Лиза боится, что это мираж, хотя пустыня далеко, но ей кажется, что Давернь наделен безграничной властью. Он такой красивый, такой огромный и красивый в своей форме. Она бросается ему в ноги, обнимает колени. Лиза не решается отпустить коменданта, боясь, что он испарится и заберет с собой свободу, которую только что пообещал.
* * *
«Франция была разбита, средства сообщения не функционировали. В хаосе, который за этим последовал, нам удалось получить документы об освобождении, благодаря которым мы имели право покинуть лагерь. Тогда никакого французского Сопротивления не было. Ни одна из нас не могла бы с уверенностью сказать, что ожидало тех, кого мы оставляли в лагере. Все, что мы могли сделать, – это сказать им: то, чего мы опасались, обязательно скоро произойдет – лагерь будет сдан немцам. […] Но это не могло помочь интернированным. После нескольких дней полной неразберихи снова все упорядочилось и освобождение казалось почти невозможным. Мы это предвидели. Это был наш единственный шанс, но мы понимали, что, уезжая, сможем захватить с собой лишь зубную щетку, поскольку везти не на чем».Ханна Арендт
3
Лиза возвращается в барак, чтобы сообщить новость. Ей отвечают почти в унисон. В голосах ее подруг по несчастью слышится волнение: «Свободны? Но куда же мы пойдем?» Сотни женщин давно не получали вестей от своих мужей, те из них, что были на фронте, были арестованы или эвакуированы. Стремительное наступление немцев заставило миллионы французов выйти на дорогу в надежде добраться до свободной зоны, к какому-нибудь дальнему родственнику, другу, знакомому. Многие были интернированы в лагеря: Гюрс был всего лишь одним из нескольких десятков. У супругов не было возможности узнать, что случилось со второй половинкой, и они даже не пытались друг друга искать. Но Давернь дал им возможность достичь желанной свободы. У «нежелательных» была неделя. Немцы спешно создали специальную комиссию, которая будет осуществлять дополнительный контроль за лагерем и постановлениями коменданта.

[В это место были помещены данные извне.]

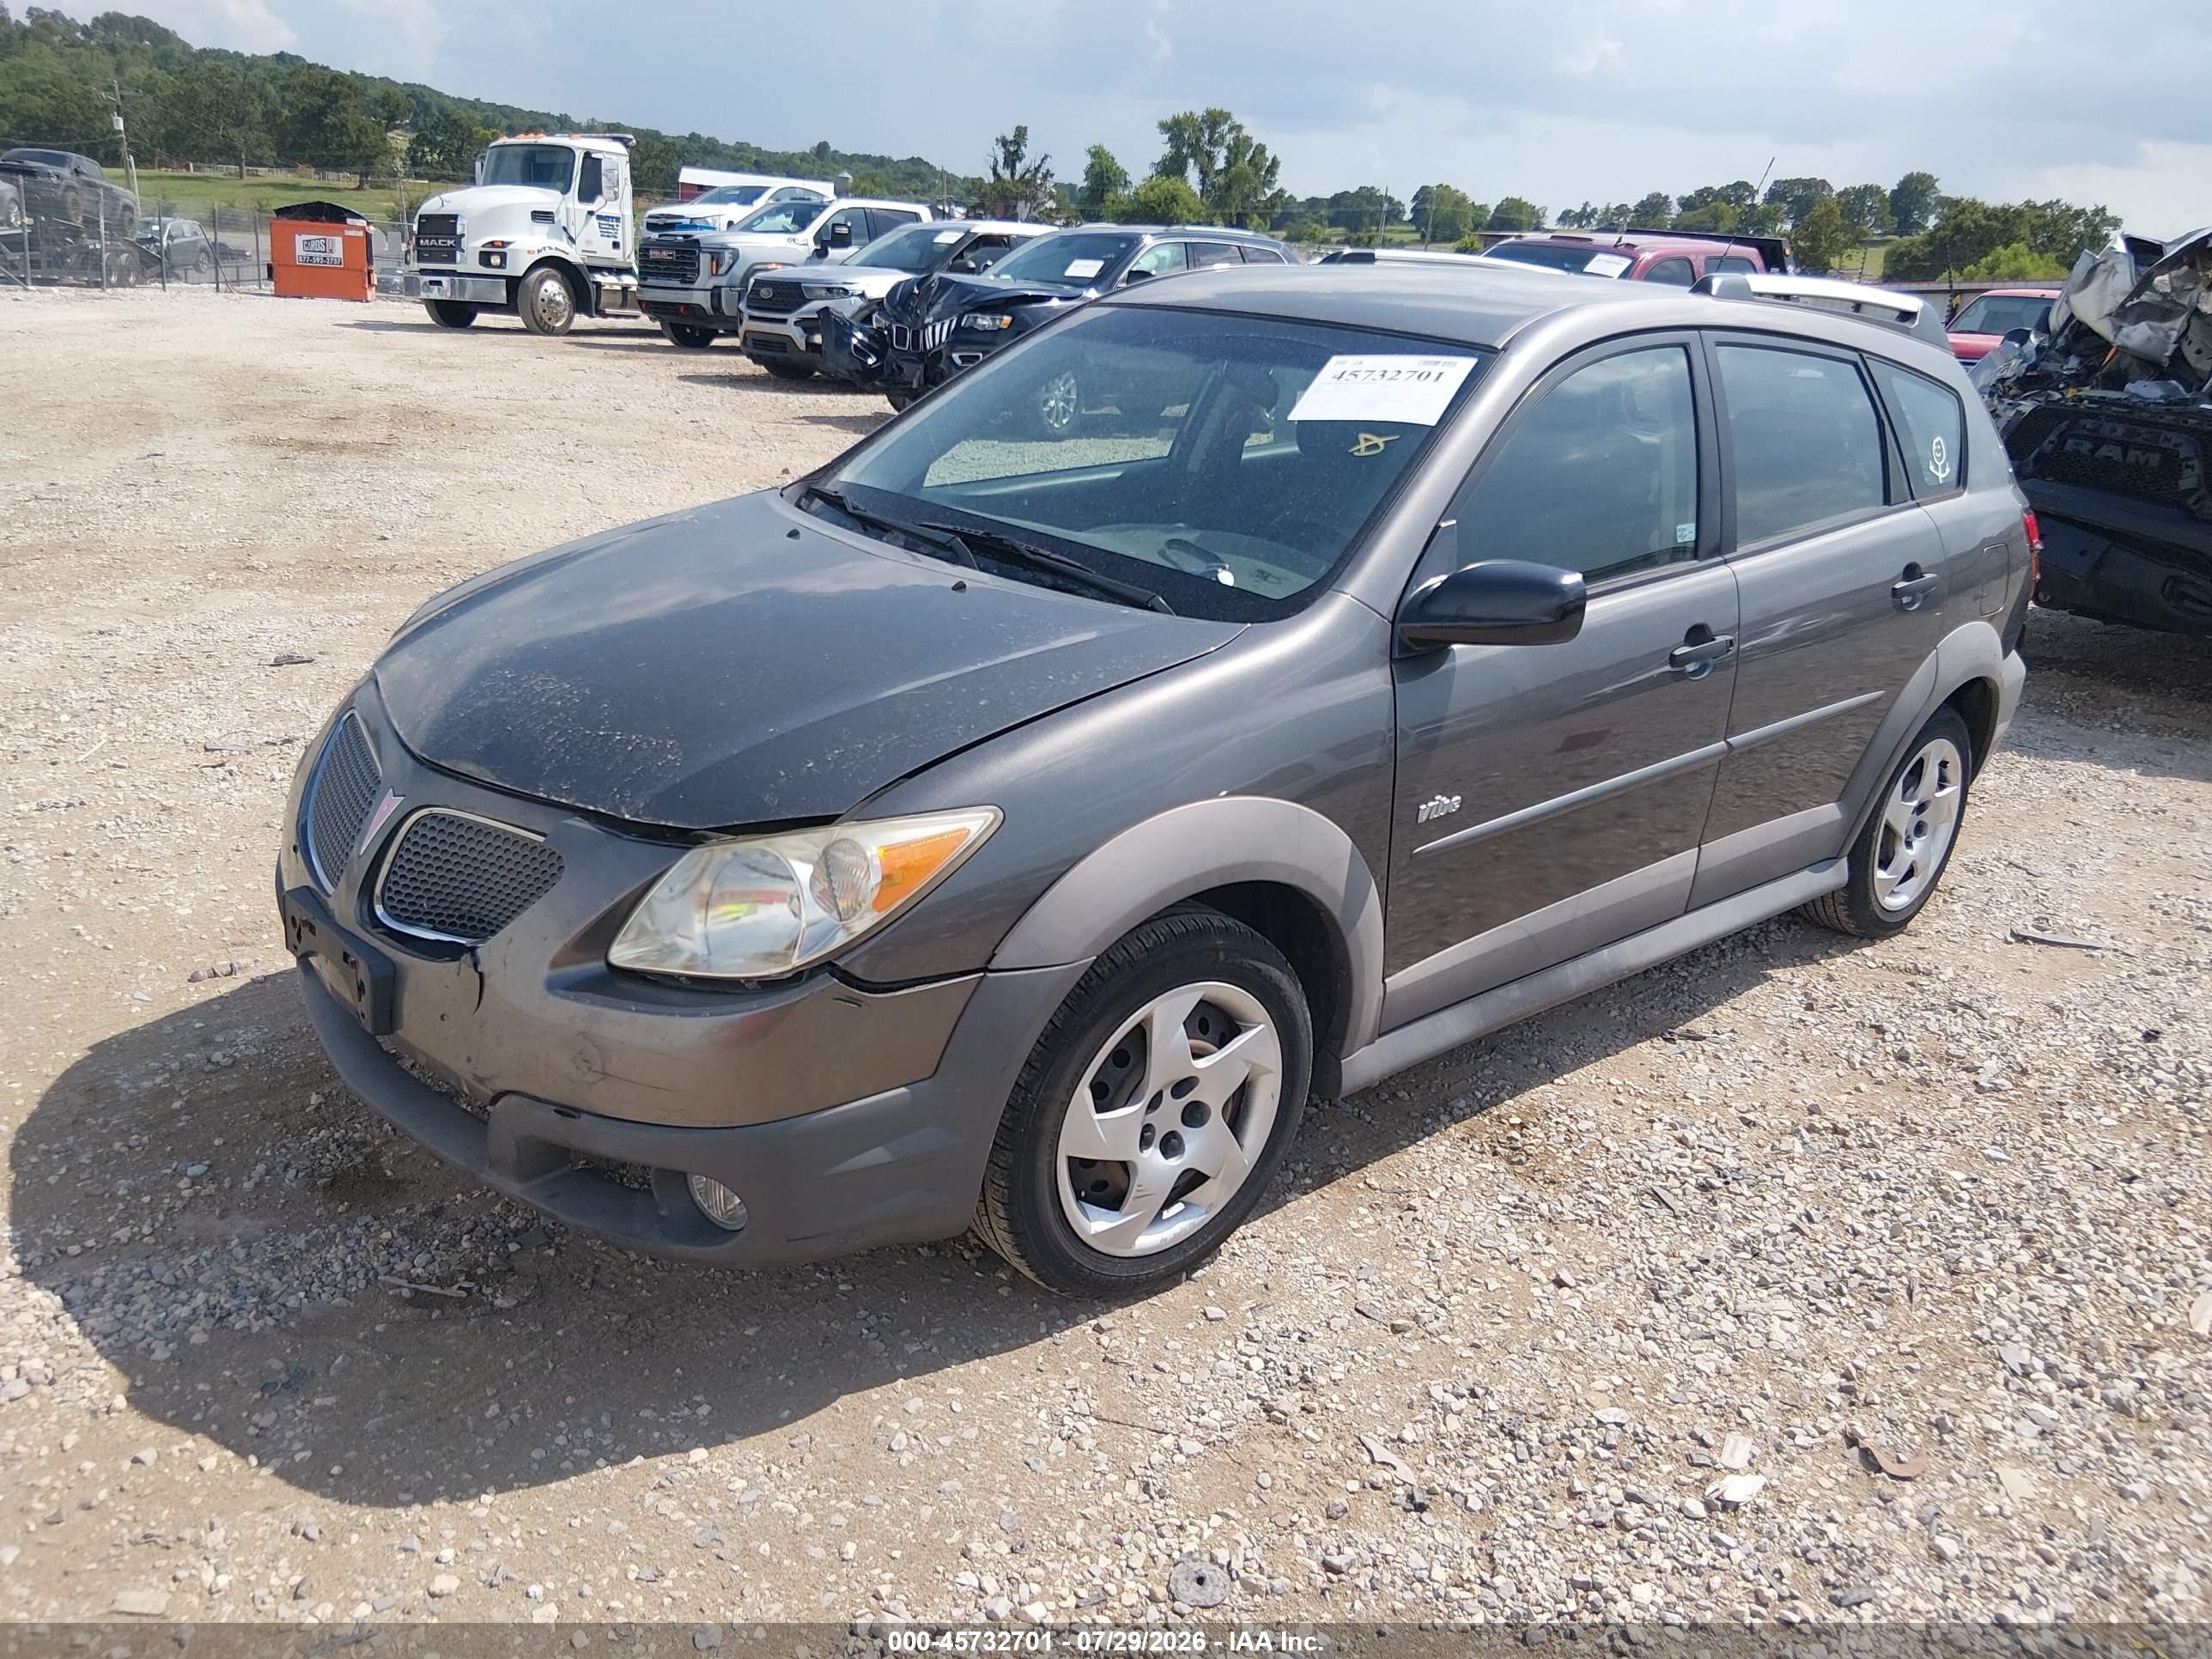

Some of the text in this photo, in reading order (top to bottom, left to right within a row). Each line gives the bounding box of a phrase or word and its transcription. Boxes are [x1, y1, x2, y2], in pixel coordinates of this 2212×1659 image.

[303, 239, 325, 252] CARDS
[649, 250, 674, 260] GMC
[1332, 369, 1444, 383] 45732701

Но как же все-таки найти своих близких?
– Нам нужно отправить письма во все мужские лагеря, вдруг кто-нибудь ответит и захочет взять нас к себе. Ну а я останусь здесь, мне уже некого искать, – кокетливо шутит Сюзанна.

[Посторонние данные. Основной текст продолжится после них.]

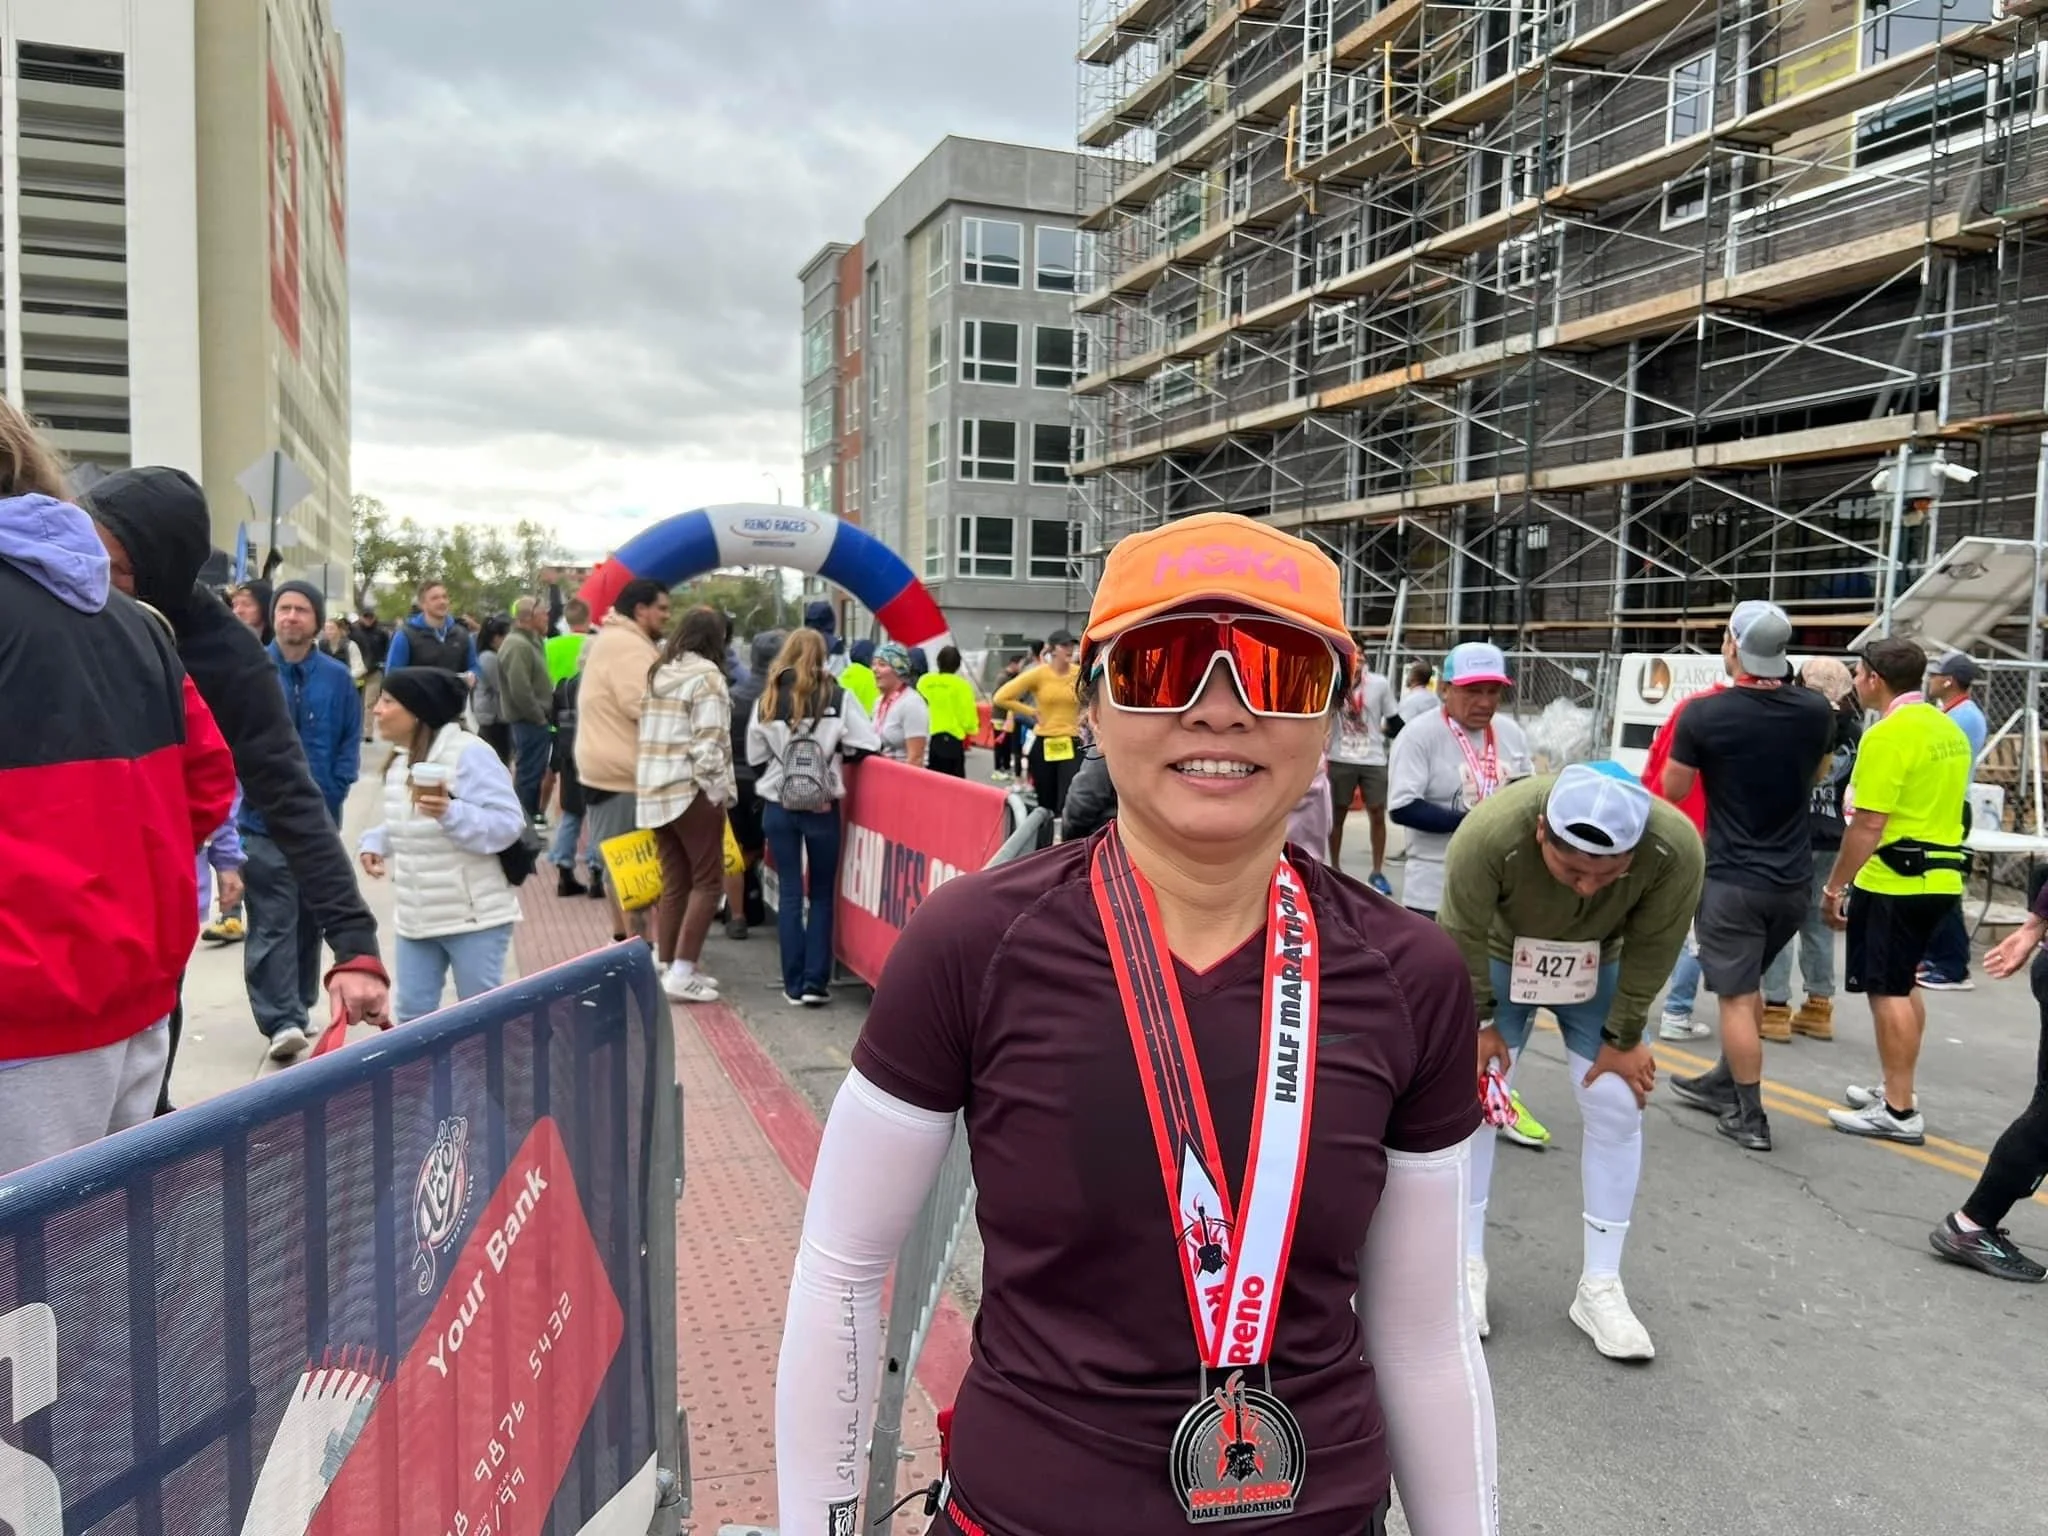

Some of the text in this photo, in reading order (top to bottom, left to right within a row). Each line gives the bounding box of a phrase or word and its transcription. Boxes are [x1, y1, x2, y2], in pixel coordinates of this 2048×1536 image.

[744, 518, 807, 533] RENO RACES
[1152, 543, 1302, 593] HOKA
[1535, 955, 1577, 978] 427
[1522, 991, 1538, 1000] 427
[1275, 1032, 1301, 1103] HALF
[427, 1165, 549, 1379] Your Bank
[474, 1400, 526, 1481] 9876
[528, 1291, 573, 1380] 5432
[1191, 1504, 1223, 1520] HALF

Затея оказалась очень удачной. Женщины решили не уезжать, не найдя сначала своих женихов или мужей. А поскольку личная переписка была запрещена, это был единственный выход. Администрация лагеря, три солдата, два секретаря и один младший офицер, немедленно принялась за составление и отправку телеграмм в лагеря для заключенных, прилагая к ним список искомых фамилий. Произошло чудо. Из разных уголков Франции в Гюрс полетели официальные телеграммы, сообщающие о том, что все хорошо: человек, которого ищут, жив.
Мсье Ришар Шнайдер, лагерь Сен-Сиприен, ждет мадам Аду Шнайдер.
Мсье Самюэль Мендельссон, лагерь Ле-Милль, ждет мадам Анну-Лизу Мендельссон.
Мсье Родриго Перес, лагерь Рьёкро, ждет мадам Ирму Перес.
Каждое утро женщины стекаются к административному бараку, где караульный вешает новый список. Некоторым некого искать, но они приходят сюда, чтобы разделить радость узниц, которые стали счастливыми победительницами в некой божественной лотерее. Зачитывают фамилию, адрес, и снова у женщин появляется надежда на мирное будущее вместе с любимым, которое наступит совсем скоро. Каждый раз женщины, не получившие ответа, возвращаются в бараки, печальные и разочарованные. Может быть, он погиб или, еще хуже, получил письмо, но не захотел на него отвечать? Возможно, он встретил другую за колючей проволокой? Страх при мысли о смерти любимого соревнуется со страхом, который оказывается еще более невыносимым: быть забытой и брошенной. Однако женщины все равно приходят на следующий день к административному корпусу, полные новых надежд: вдруг удача наконец им улыбнется!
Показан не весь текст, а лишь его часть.